## What this task involves
A faithful, picture-free copy of the listing below is required.

··· Source material

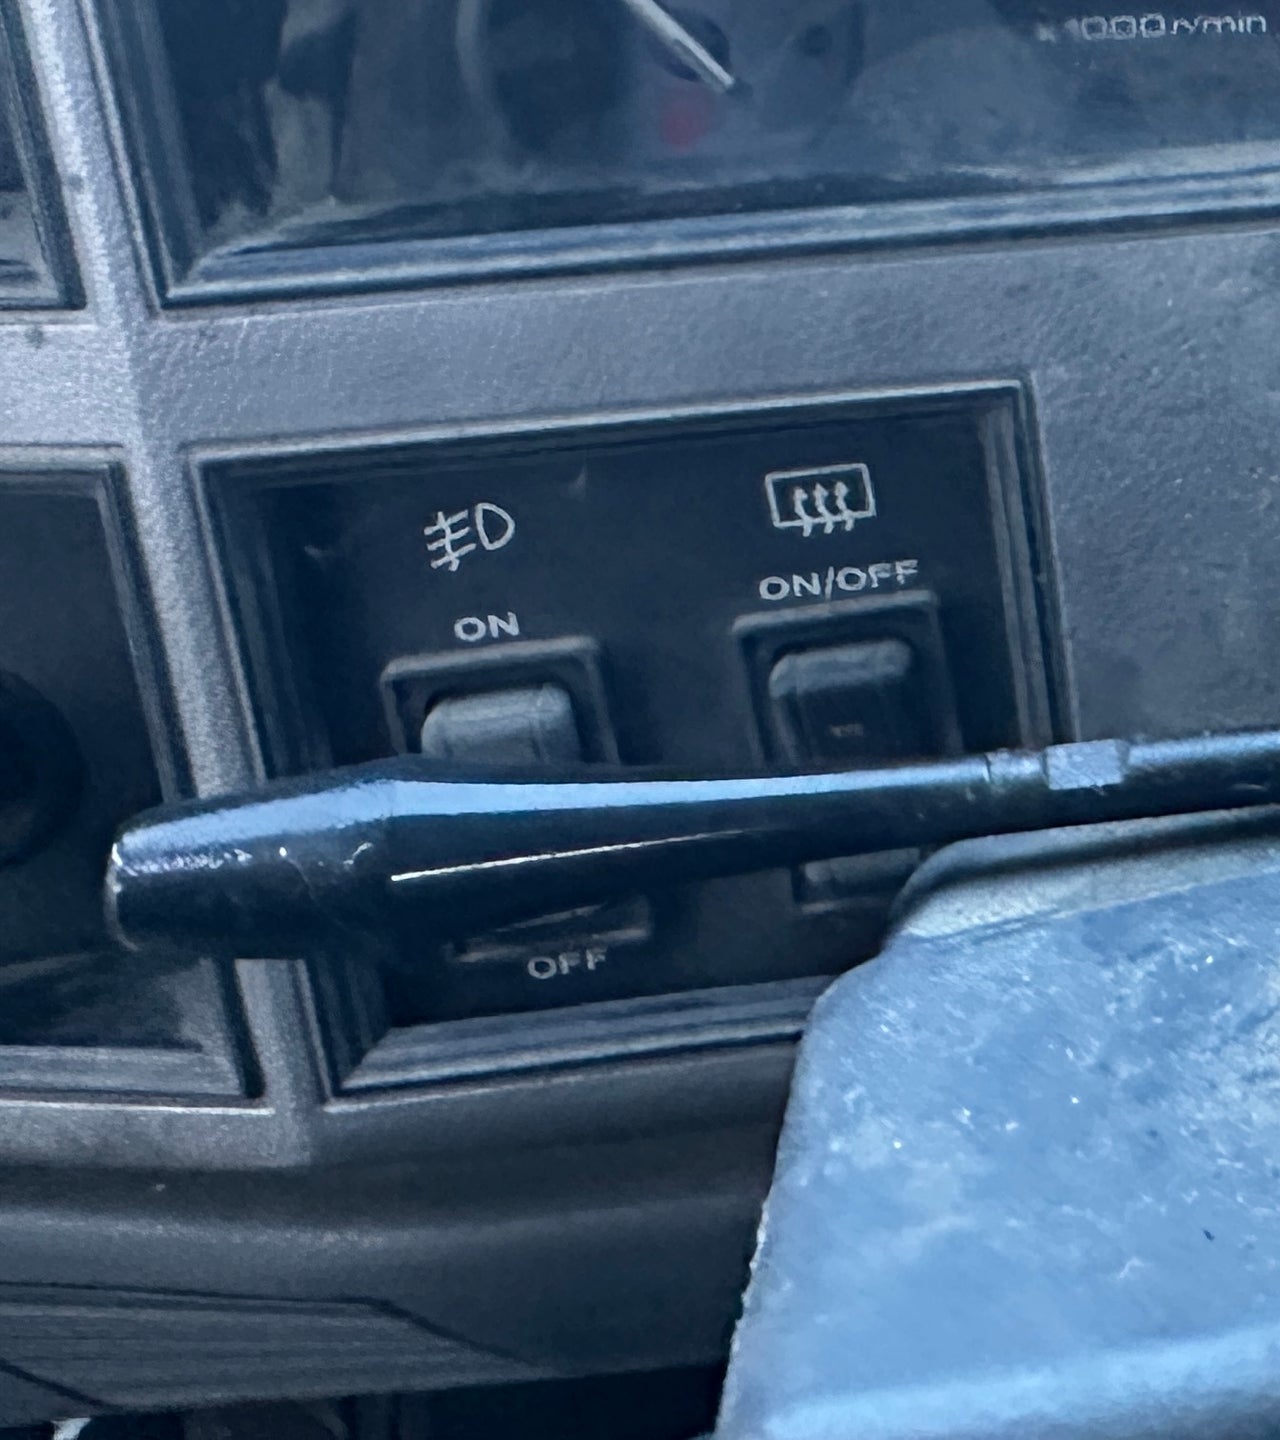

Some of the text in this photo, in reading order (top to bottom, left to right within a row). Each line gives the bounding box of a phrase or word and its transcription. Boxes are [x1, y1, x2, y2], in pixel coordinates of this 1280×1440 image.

[757, 559, 919, 602] ON/OFF
[453, 611, 521, 643] ON
[526, 948, 607, 981] OFF
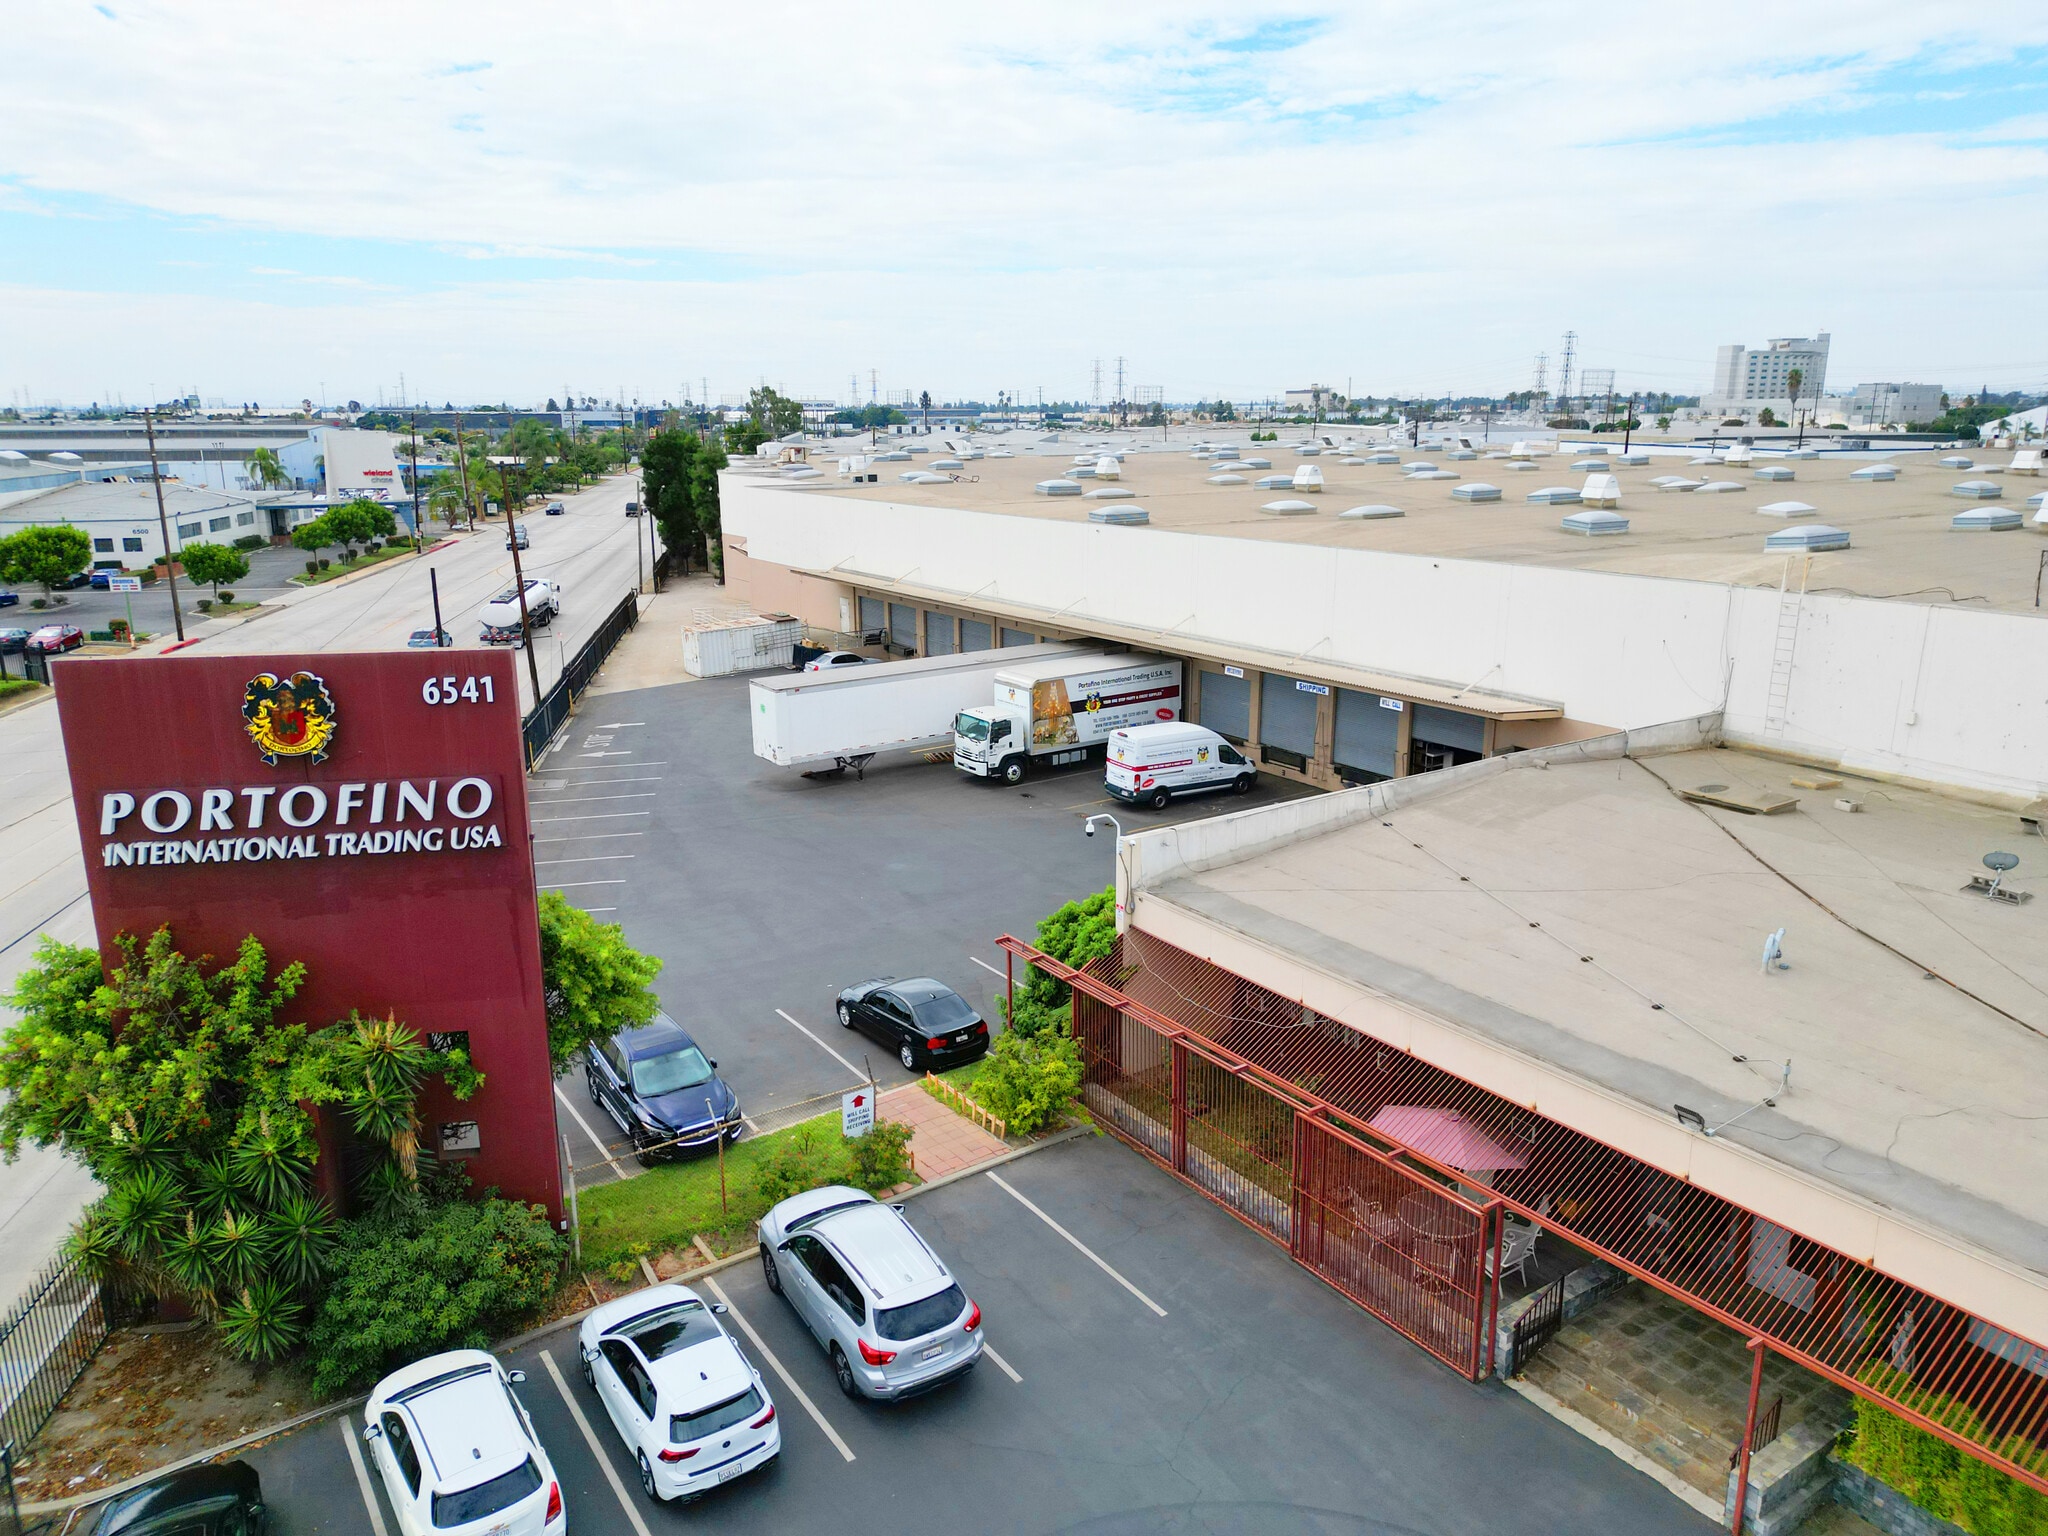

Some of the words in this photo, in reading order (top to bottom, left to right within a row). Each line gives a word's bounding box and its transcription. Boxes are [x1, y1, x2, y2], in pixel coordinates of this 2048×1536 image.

[1101, 676, 1132, 685] International
[1132, 673, 1150, 681] Trading
[422, 675, 494, 705] 6541
[1298, 683, 1326, 694] SHIPPING
[100, 777, 493, 835] PORTOFINO
[103, 834, 320, 867] INTERNATIONAL
[325, 827, 443, 857] TRADING
[450, 824, 502, 850] USA
[846, 1119, 871, 1130] RECEIVING
[848, 1113, 870, 1124] SHIPPING

······

## Exercise solution
Some of the text in this photo, in reading order (top to bottom, left to right within a row). Each line gives the bounding box of a phrase or word and its transcription. Boxes are [x1, y1, x2, y2], in pixel coordinates of this 1280×1440 image.

[757, 559, 919, 602] ON/OFF
[453, 611, 521, 643] ON
[526, 948, 607, 981] OFF

Some of the words in this photo, in reading order (top to bottom, left to right within a row). Each line gives a word's bounding box and its transcription. Boxes are [x1, y1, x2, y2], in pixel coordinates of this 2048×1536 image.

[1101, 676, 1132, 685] International
[1132, 673, 1150, 681] Trading
[422, 675, 494, 705] 6541
[1298, 683, 1326, 694] SHIPPING
[100, 777, 493, 835] PORTOFINO
[103, 834, 320, 867] INTERNATIONAL
[325, 827, 443, 857] TRADING
[450, 824, 502, 850] USA
[846, 1119, 871, 1130] RECEIVING
[848, 1113, 870, 1124] SHIPPING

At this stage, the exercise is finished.